The new Super Rules have been passed by both houses of Parliament and are just waiting on Royal Assent - generally this is a mere formality.
The key measures which have a commencement date of 1 July 2017 include:
- The concessional contributions cap is reduced to $25,000. This can be made as employer or personal tax deductible contributions (or a mix of both)
- The non-concessional contribution cap is reduced to $100,000 pa (or $300,000 under the bring forward provisions). While you are also prohibited from making further non-concessional contributions where a member’s total superannuation balance is more than $1.6 million.
- Continuation of the low income superannuation tax offset for member’s whose income level is less than $37,000
- Eligibility for spouse contribution rebates are extended, by increasing the annual income threshold to $37,000
- Lowering the income threshold for Division 293 tax to $250,000
- Abolishing the anti-detriment payment
- Introducing a $1.6 million ‘transfer balance cap’ – the limit of the amount that can be transferred to the pension phase, where earnings are tax-free.

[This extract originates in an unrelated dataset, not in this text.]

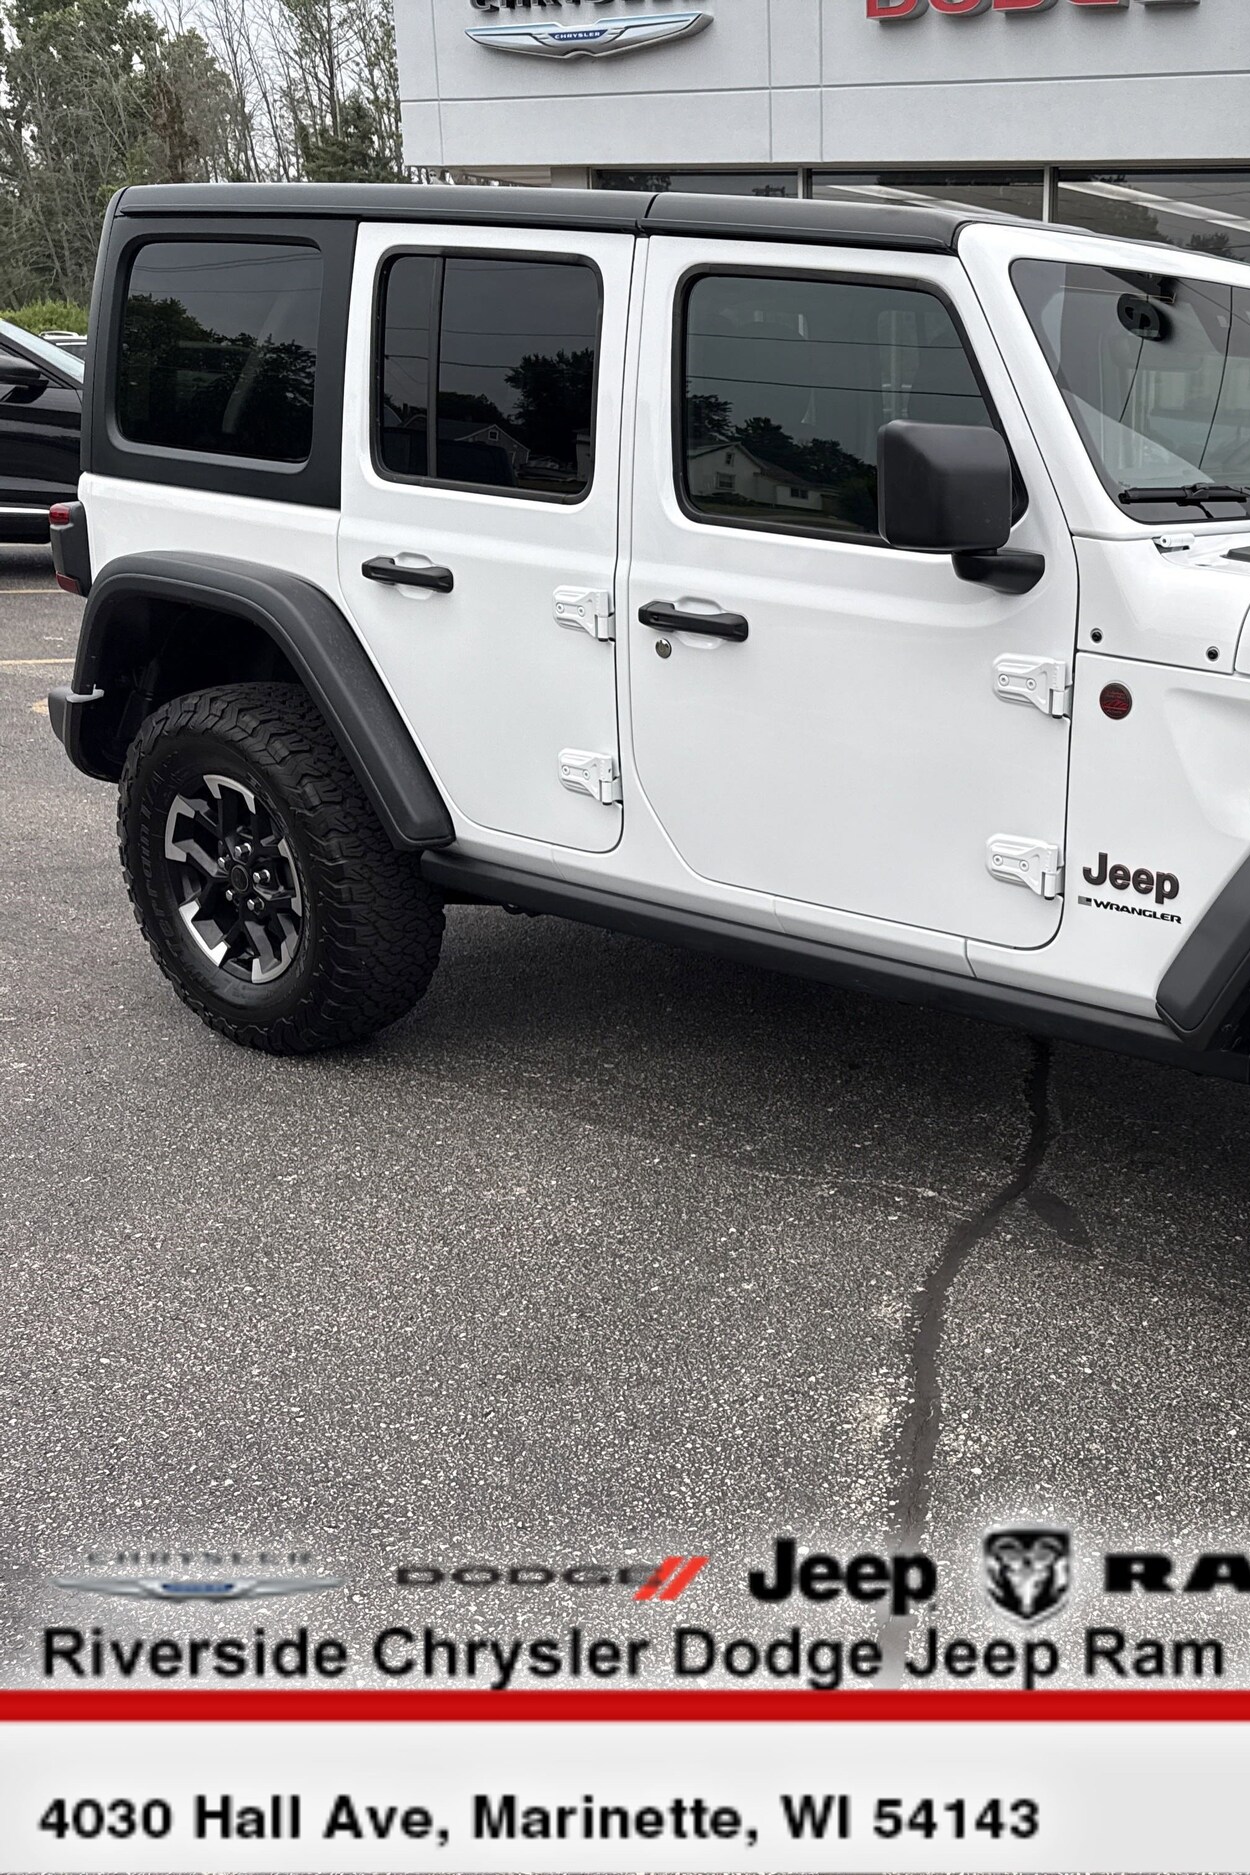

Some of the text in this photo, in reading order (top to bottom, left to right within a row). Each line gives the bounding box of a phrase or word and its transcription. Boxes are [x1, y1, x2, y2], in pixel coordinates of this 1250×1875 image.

[553, 31, 602, 40] CHRYSLER
[1082, 851, 1180, 905] Jeep
[1093, 898, 1182, 925] WRANGLER

This $1.6 million cap applies also the death benefit income streams and defined benefit income streams
- Transition to Retirement Income Streams will no longer be eligible for income tax concessions (at the superannuation fund level)
- The new concessional contributions catch-up regime, providing your total super balances are less than $500,000 commences from 1 July 2018.
The government is yet to release the regulations to this new legislation and we suggest our clients should wait to see this detail before rushing to make decisions about their superannuation balances.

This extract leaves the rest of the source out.